(Beginning of Given entries)

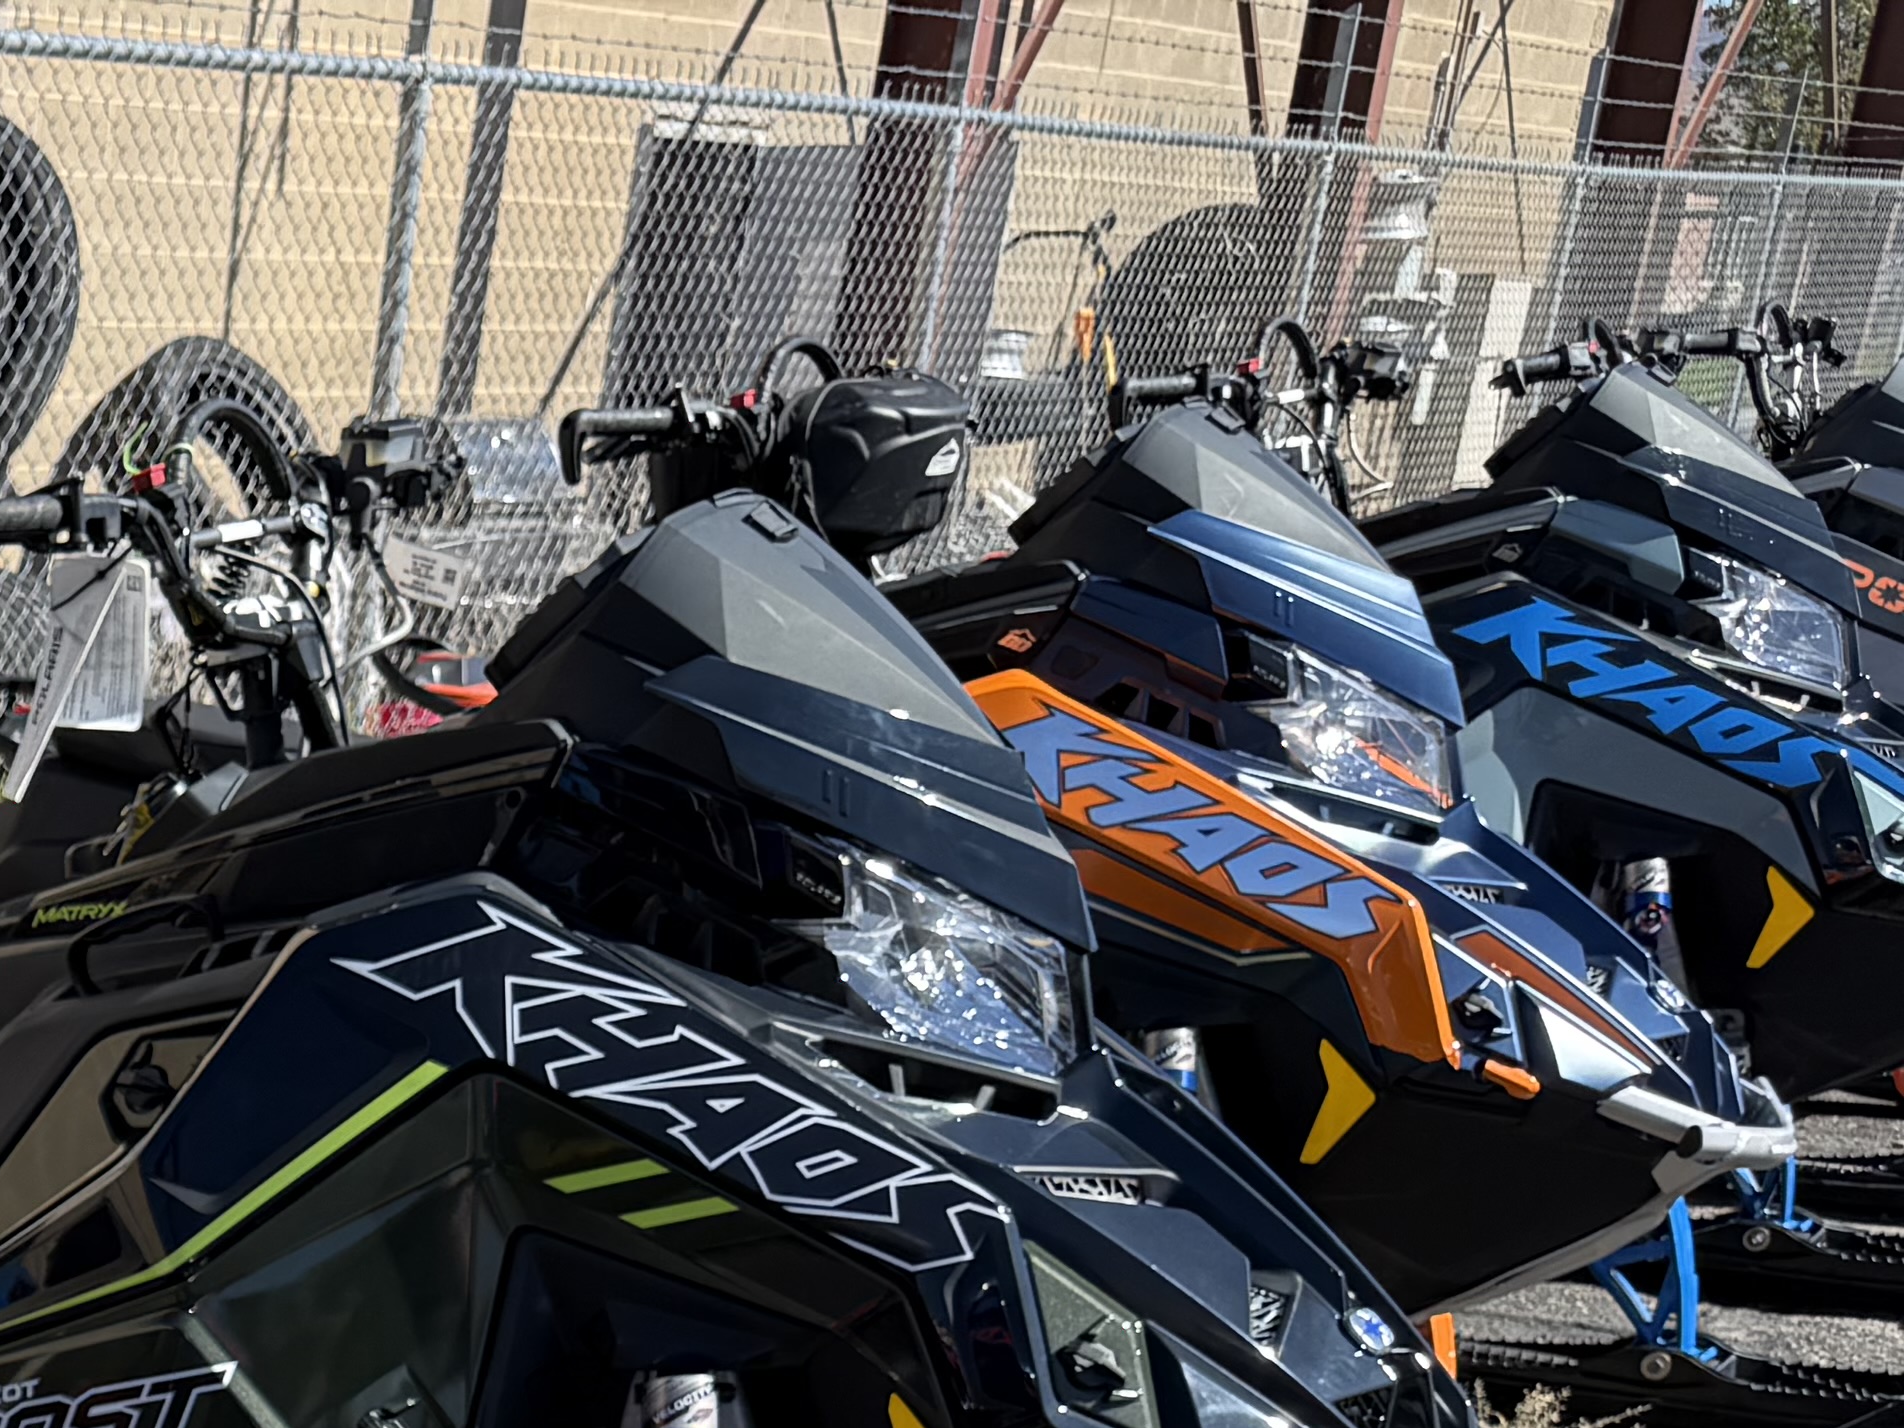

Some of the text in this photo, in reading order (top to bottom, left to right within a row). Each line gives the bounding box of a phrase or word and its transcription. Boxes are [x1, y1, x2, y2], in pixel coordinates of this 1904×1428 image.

[1451, 597, 1844, 788] KHAOS
[1000, 705, 1403, 939] KHAOS
[330, 901, 1011, 1272] KHAOS
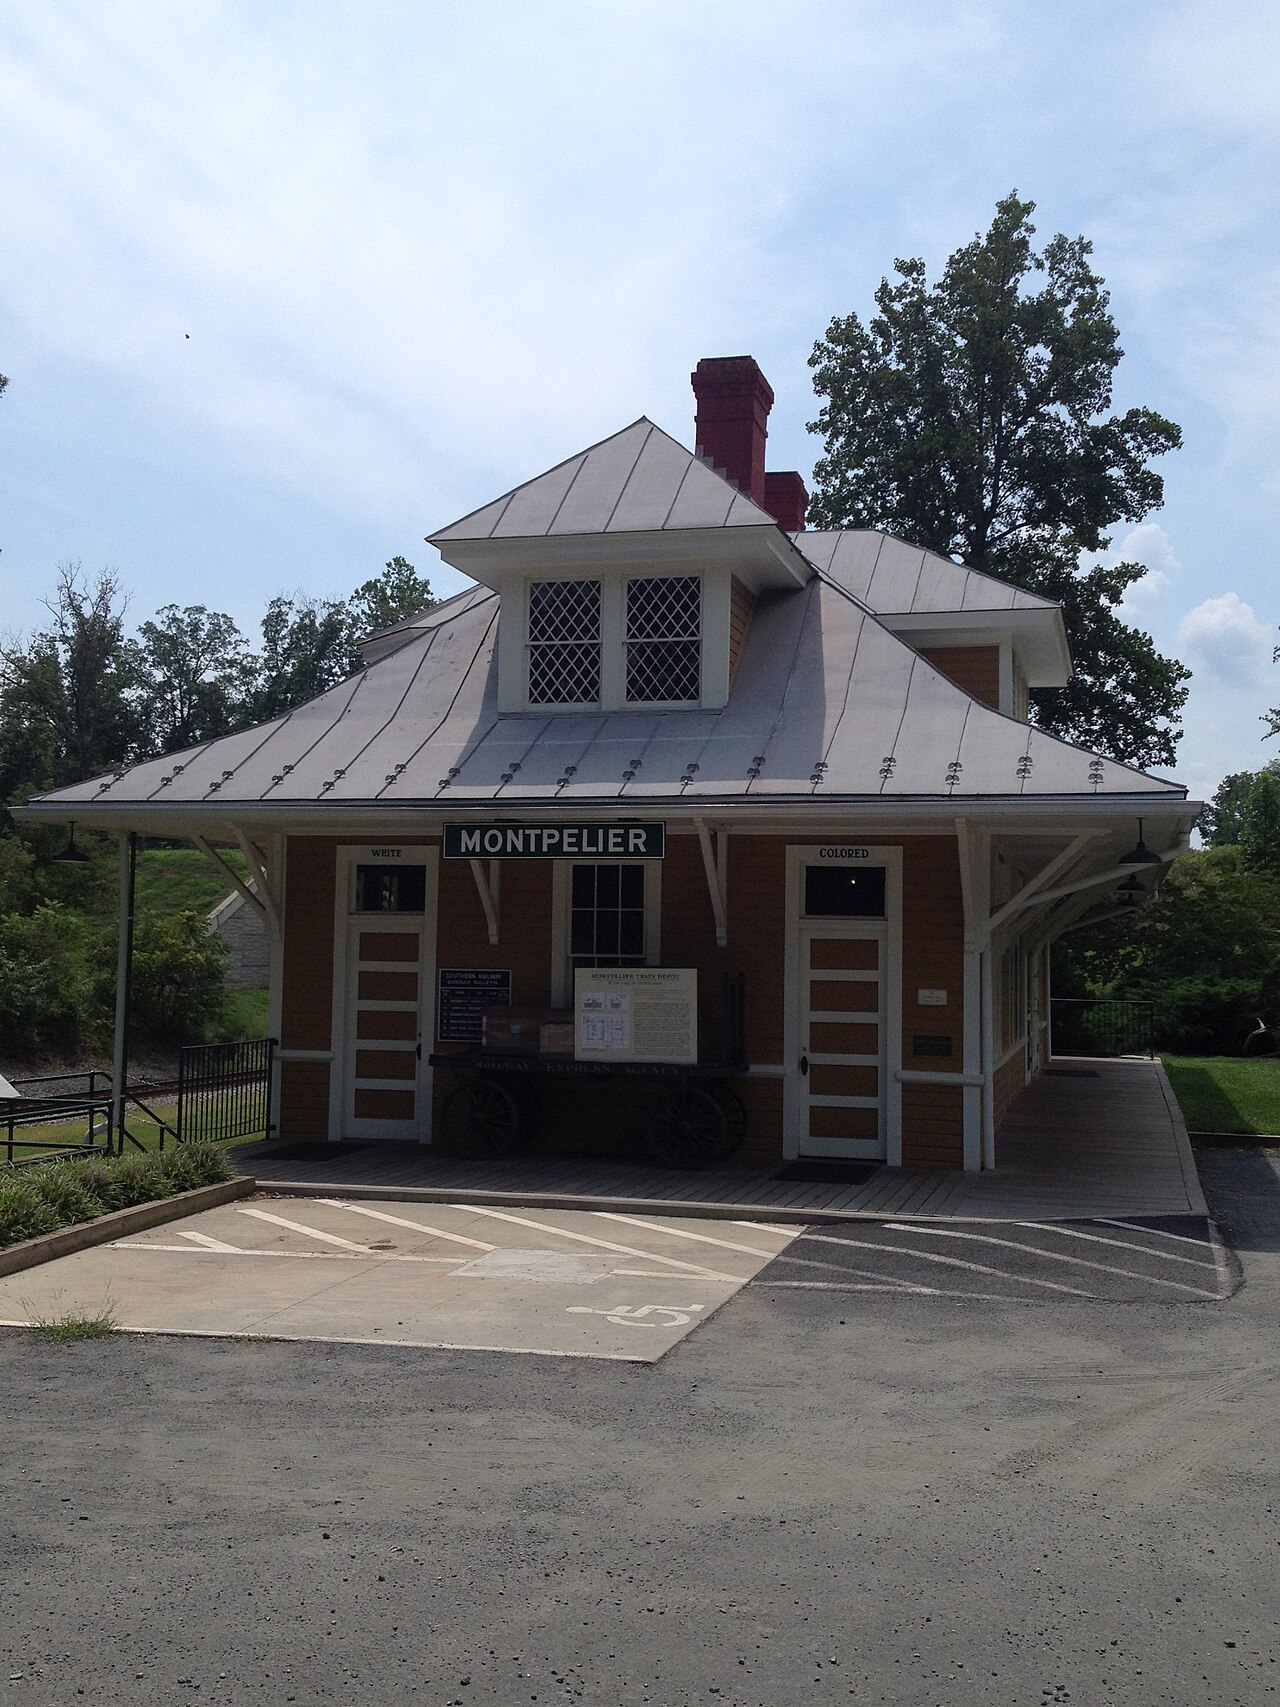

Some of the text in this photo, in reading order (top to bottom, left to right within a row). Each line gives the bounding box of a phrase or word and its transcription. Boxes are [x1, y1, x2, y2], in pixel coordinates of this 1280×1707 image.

[460, 829, 647, 853] MONTPELIER
[371, 848, 402, 857] WHITE
[819, 848, 869, 858] COLORED
[474, 1060, 679, 1076] RAILWAY EXPRESS AGENCY
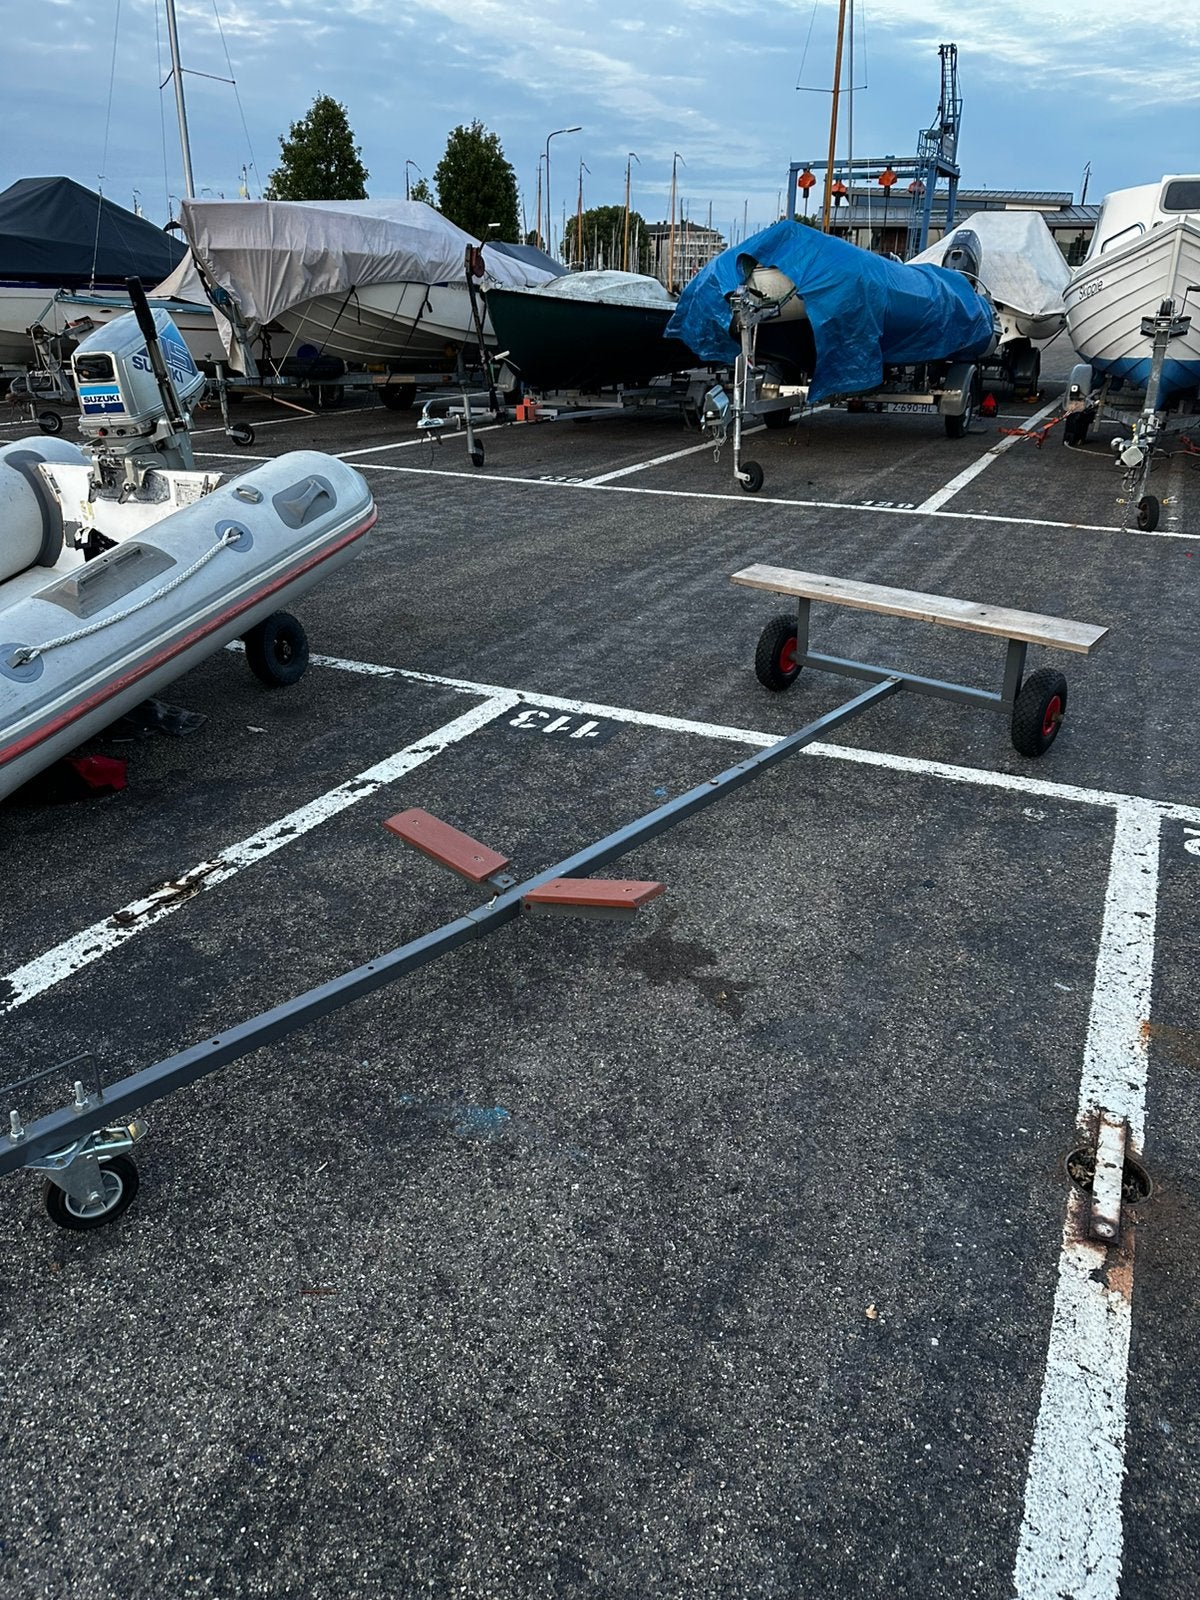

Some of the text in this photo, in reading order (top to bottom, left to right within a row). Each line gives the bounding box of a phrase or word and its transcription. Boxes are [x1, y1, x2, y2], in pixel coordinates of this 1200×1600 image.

[132, 356, 184, 383] SUKI
[83, 395, 120, 403] SUZUKI
[509, 710, 600, 738] 113

(End of Given entries)

Transcribe the entries above word for word, but leave every picture out of your copy.

Some of the text in this photo, in reading order (top to bottom, left to right within a row). Each line gives the bounding box of a phrase or word and its transcription. Boxes are [x1, y1, x2, y2], in pixel coordinates of this 1904×1428 image.

[1451, 597, 1844, 788] KHAOS
[1000, 705, 1403, 939] KHAOS
[330, 901, 1011, 1272] KHAOS

Some of the text in this photo, in reading order (top to bottom, left to right within a row). Each line gives the bounding box of a phrase or word and its transcription. Boxes are [x1, y1, x2, y2], in pixel coordinates of this 1280×1707 image.

[460, 829, 647, 853] MONTPELIER
[371, 848, 402, 857] WHITE
[819, 848, 869, 858] COLORED
[474, 1060, 679, 1076] RAILWAY EXPRESS AGENCY

Some of the text in this photo, in reading order (top to bottom, left to right within a row). Each line gives the bounding box of a phrase or word and its transcription. Boxes are [x1, y1, x2, y2], in pixel coordinates of this 1200×1600 image.

[132, 356, 184, 383] SUKI
[83, 395, 120, 403] SUZUKI
[509, 710, 600, 738] 113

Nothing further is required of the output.